**Stored data**
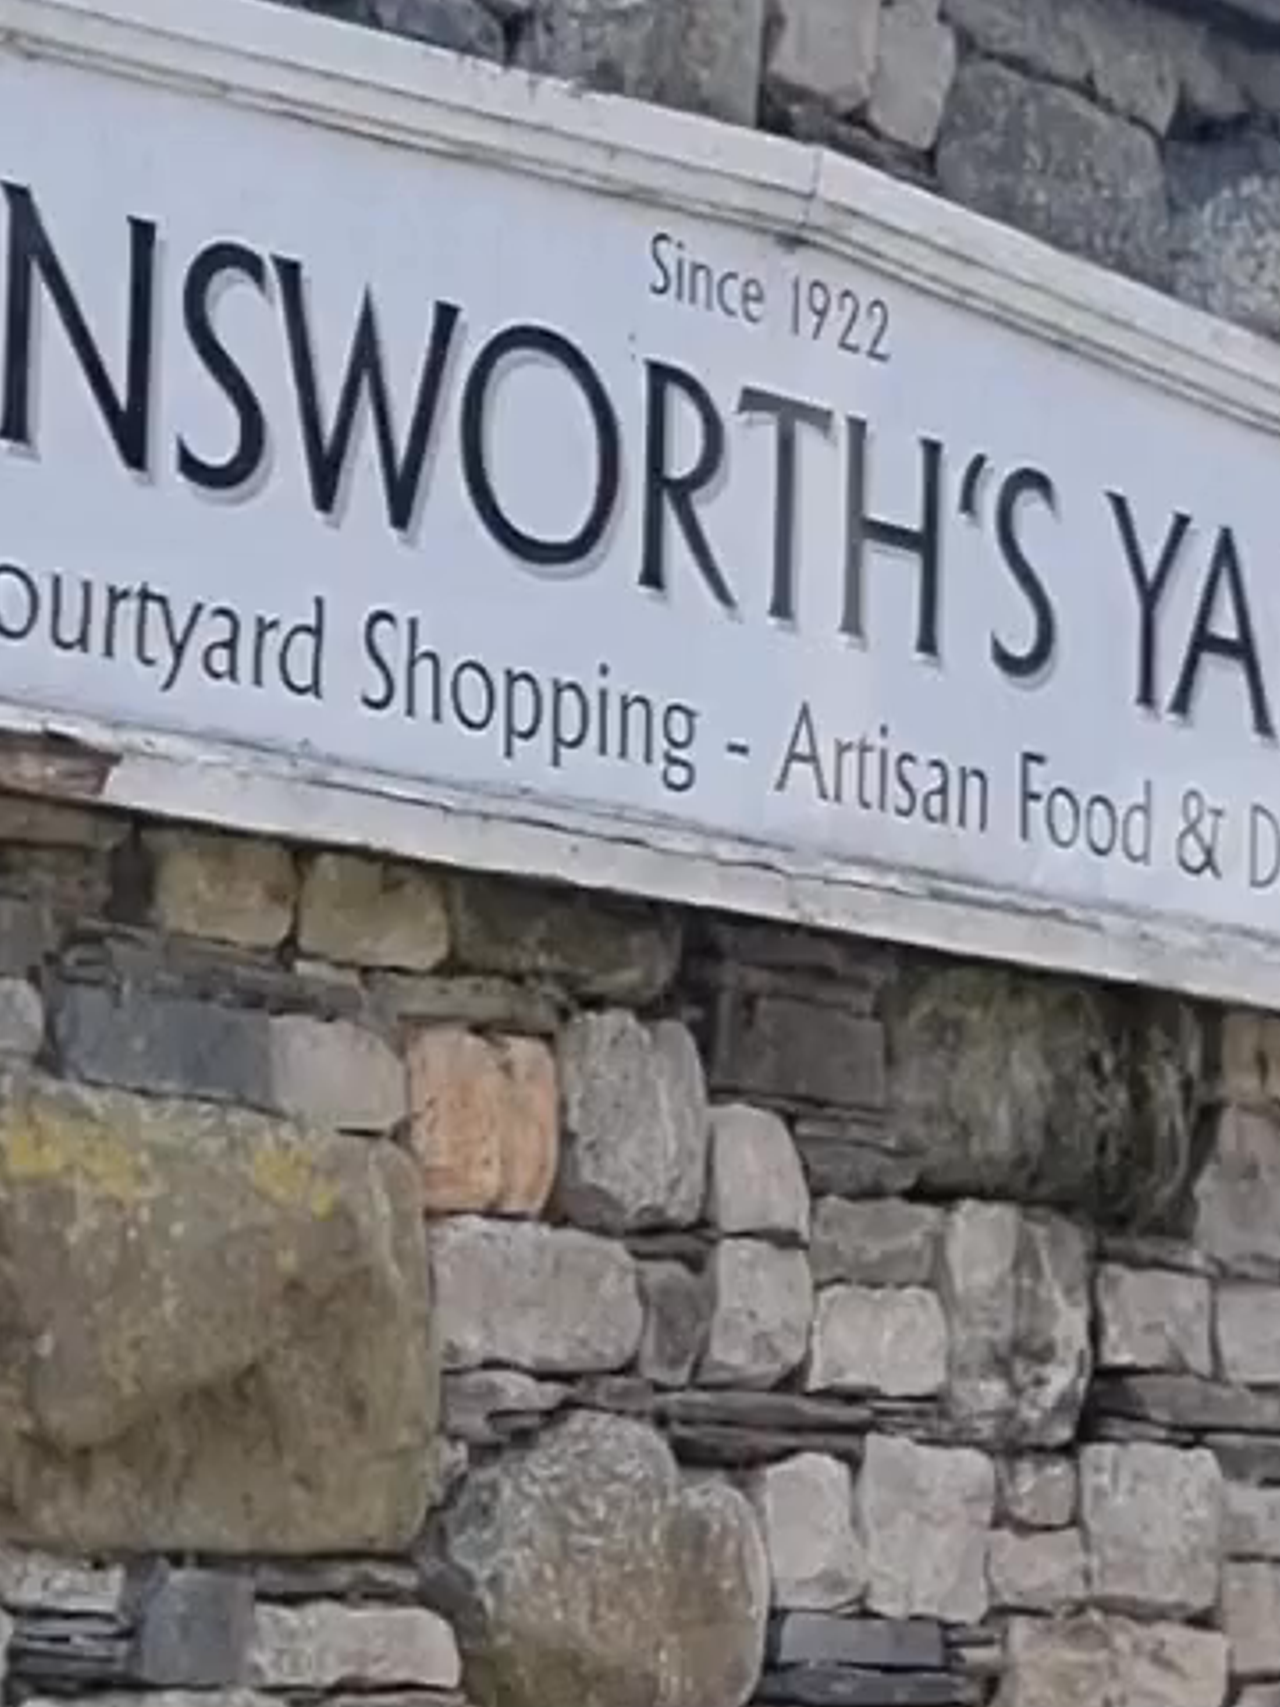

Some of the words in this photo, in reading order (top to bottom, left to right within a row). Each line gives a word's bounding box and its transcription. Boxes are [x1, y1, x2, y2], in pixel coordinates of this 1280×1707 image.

[649, 232, 766, 323] Since
[790, 275, 893, 363] 1922
[359, 609, 700, 793] Shopping
[774, 701, 989, 835] Artisan
[1019, 750, 1154, 869] Food
[1175, 787, 1228, 880] &
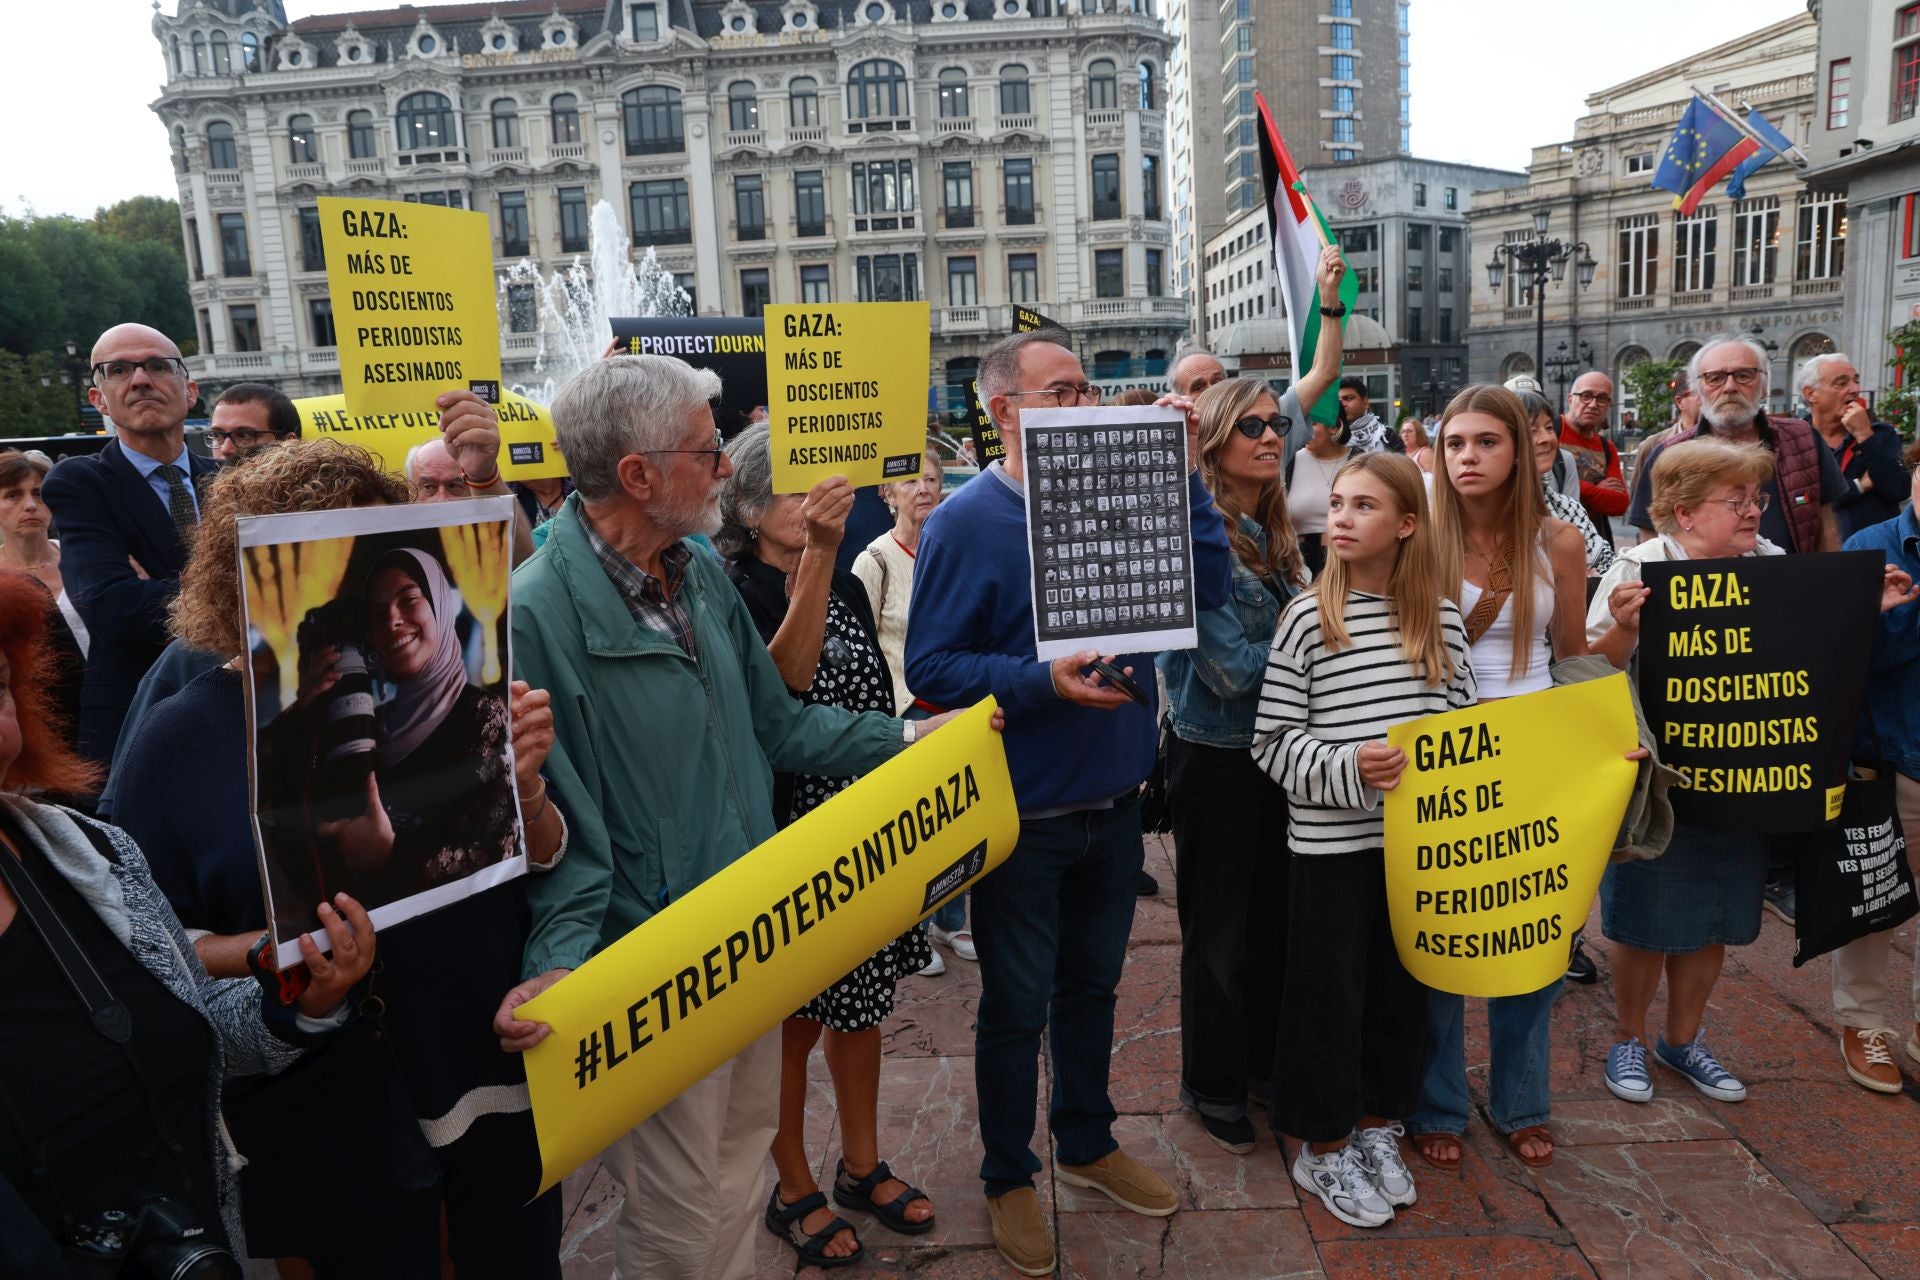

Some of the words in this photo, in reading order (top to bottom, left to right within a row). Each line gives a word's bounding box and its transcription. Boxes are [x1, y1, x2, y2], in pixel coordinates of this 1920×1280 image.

[342, 210, 408, 239] GAZA:
[347, 250, 385, 274] MÁS
[390, 255, 412, 275] DE
[352, 290, 454, 312] DOSCIENTOS
[784, 313, 842, 338] GAZA:
[1020, 310, 1041, 327] GAZA:
[1664, 320, 1724, 335] TEATRO
[1738, 312, 1841, 331] CAMPOAMOR
[357, 326, 463, 348] PERIODISTAS
[785, 348, 818, 370] MÁS
[823, 351, 842, 369] DE
[363, 361, 463, 384] ASESINADOS
[786, 380, 879, 402] DOSCIENTOS
[788, 411, 883, 434] PERIODISTAS
[788, 442, 878, 466] ASESINADOS
[1669, 572, 1751, 610] GAZA:
[1668, 625, 1718, 658] MÁS
[1725, 627, 1753, 655] DE
[1666, 670, 1810, 703] DOSCIENTOS
[1664, 716, 1819, 748] PERIODISTAS
[1415, 722, 1501, 772] GAZA:
[1667, 763, 1812, 794] SESINADOS
[1416, 785, 1468, 824] MÁS
[1476, 780, 1504, 813] DE
[1417, 816, 1560, 871] DOSCIENTOS
[1844, 827, 1866, 841] YES
[1847, 843, 1868, 857] YES
[1836, 859, 1859, 873] YES
[930, 863, 965, 898] AMNISTÍA
[1415, 863, 1569, 915] PERIODISTAS
[1862, 872, 1875, 886] NO
[1863, 887, 1874, 901] NO
[1851, 904, 1864, 918] NO
[574, 763, 981, 1090] #LETREPOTERSINTOGAZA
[1414, 913, 1562, 958] ASESINADOS
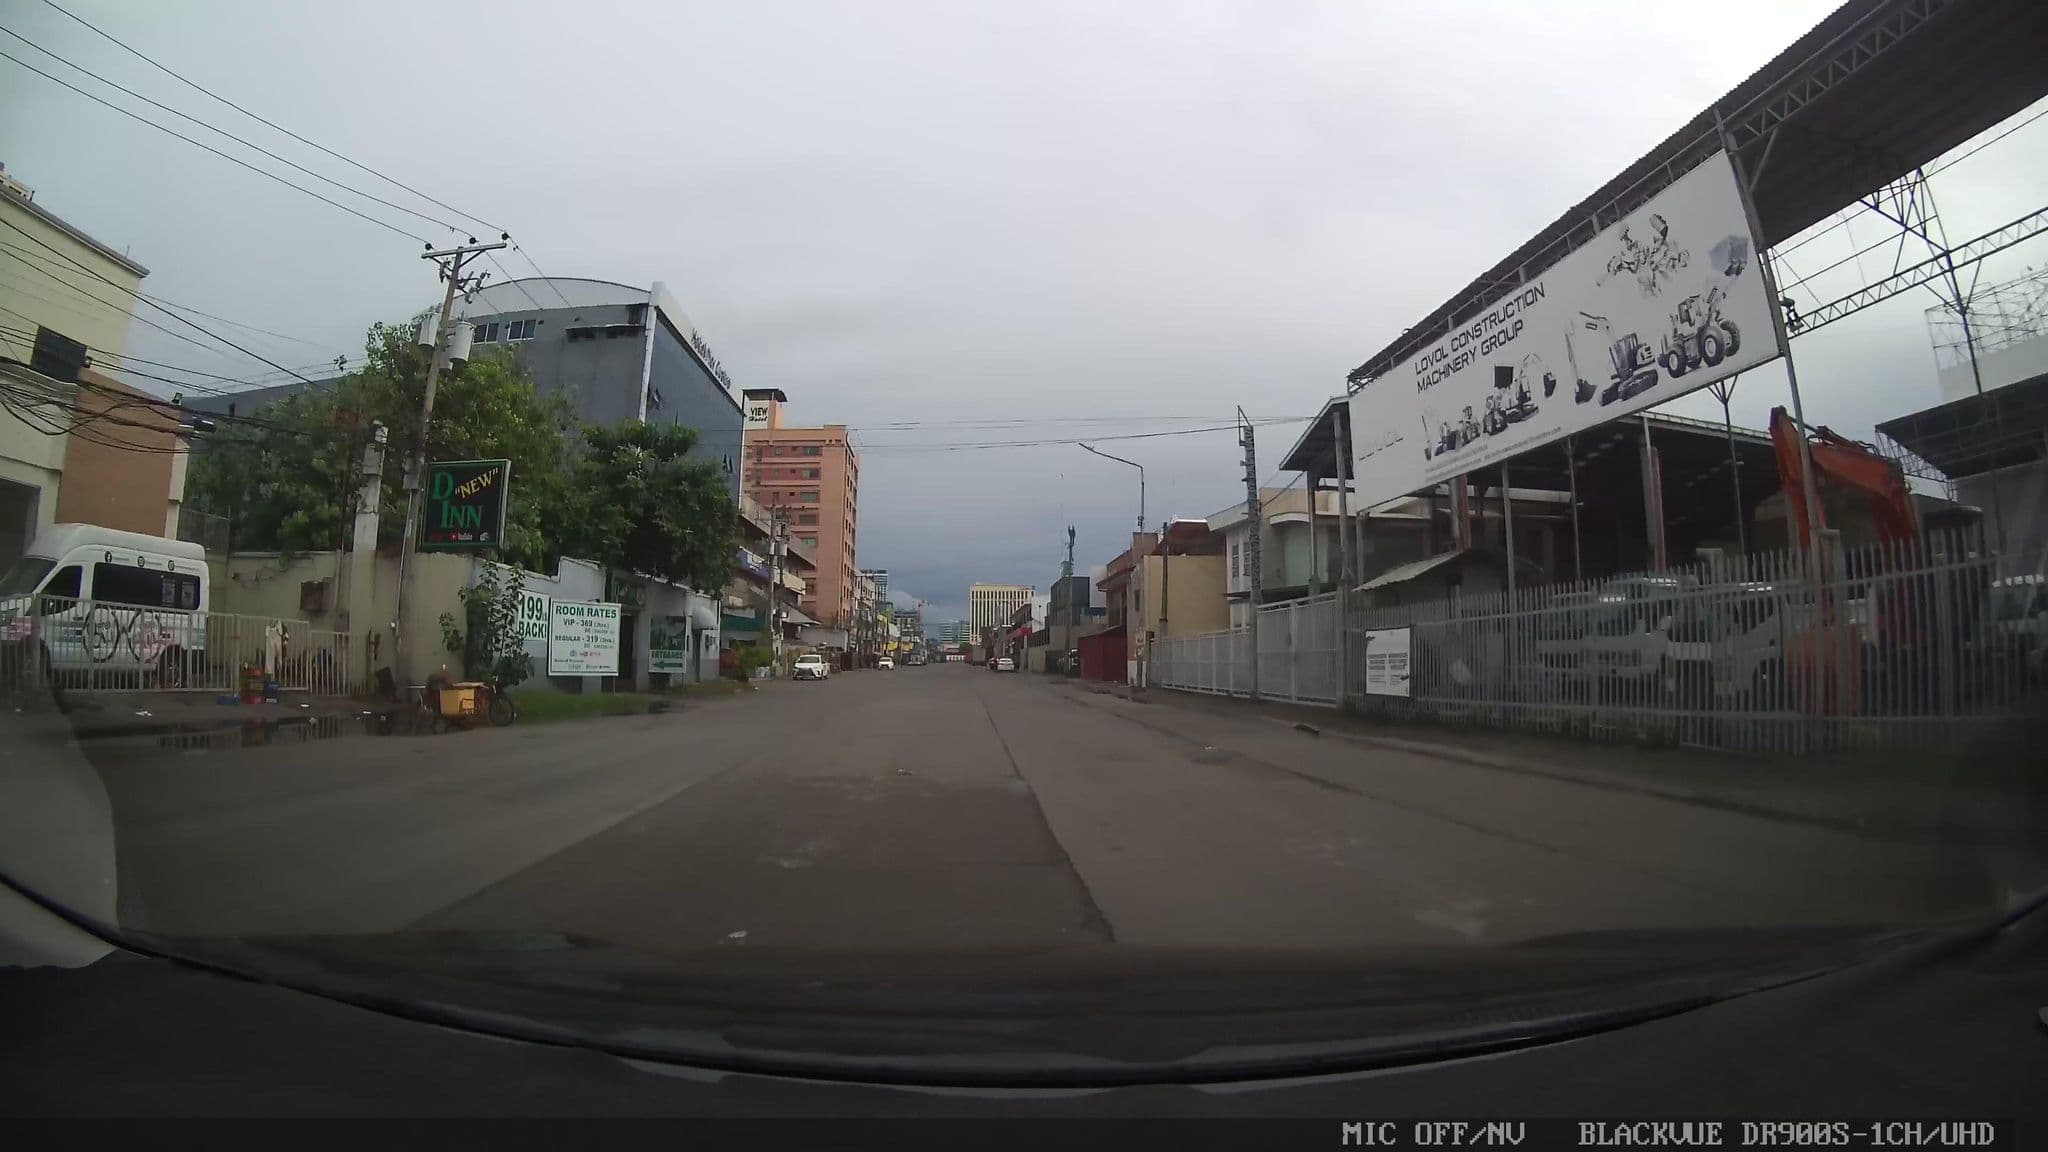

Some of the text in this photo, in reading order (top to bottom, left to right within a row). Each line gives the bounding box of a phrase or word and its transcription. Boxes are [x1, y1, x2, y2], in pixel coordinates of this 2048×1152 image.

**How to complete this task**
The entries above should be retyped exactly, minus any pictures.

**Task output**
Some of the words in this photo, in reading order (top to bottom, left to right within a row). Each line gives a word's bounding box and its transcription. Boxes are [x1, y1, x2, y2], in pixel coordinates of this 1280×1707 image.

[649, 232, 766, 323] Since
[790, 275, 893, 363] 1922
[359, 609, 700, 793] Shopping
[774, 701, 989, 835] Artisan
[1019, 750, 1154, 869] Food
[1175, 787, 1228, 880] &

Some of the words in this photo, in reading order (top to bottom, left to right within a row). Each line gives a word's bounding box and its transcription. Boxes are [x1, y1, x2, y2], in pixel coordinates of this 1920×1280 image.

[342, 210, 408, 239] GAZA:
[347, 250, 385, 274] MÁS
[390, 255, 412, 275] DE
[352, 290, 454, 312] DOSCIENTOS
[784, 313, 842, 338] GAZA:
[1020, 310, 1041, 327] GAZA:
[1664, 320, 1724, 335] TEATRO
[1738, 312, 1841, 331] CAMPOAMOR
[357, 326, 463, 348] PERIODISTAS
[785, 348, 818, 370] MÁS
[823, 351, 842, 369] DE
[363, 361, 463, 384] ASESINADOS
[786, 380, 879, 402] DOSCIENTOS
[788, 411, 883, 434] PERIODISTAS
[788, 442, 878, 466] ASESINADOS
[1669, 572, 1751, 610] GAZA:
[1668, 625, 1718, 658] MÁS
[1725, 627, 1753, 655] DE
[1666, 670, 1810, 703] DOSCIENTOS
[1664, 716, 1819, 748] PERIODISTAS
[1415, 722, 1501, 772] GAZA:
[1667, 763, 1812, 794] SESINADOS
[1416, 785, 1468, 824] MÁS
[1476, 780, 1504, 813] DE
[1417, 816, 1560, 871] DOSCIENTOS
[1844, 827, 1866, 841] YES
[1847, 843, 1868, 857] YES
[1836, 859, 1859, 873] YES
[930, 863, 965, 898] AMNISTÍA
[1415, 863, 1569, 915] PERIODISTAS
[1862, 872, 1875, 886] NO
[1863, 887, 1874, 901] NO
[1851, 904, 1864, 918] NO
[574, 763, 981, 1090] #LETREPOTERSINTOGAZA
[1414, 913, 1562, 958] ASESINADOS

Some of the text in this photo, in reading order (top to bottom, left to right within a row). Each line gives the bounding box of a phrase or word and its transcription. Boxes are [x1, y1, x2, y2], in pixel coordinates of this 2048×1152 image.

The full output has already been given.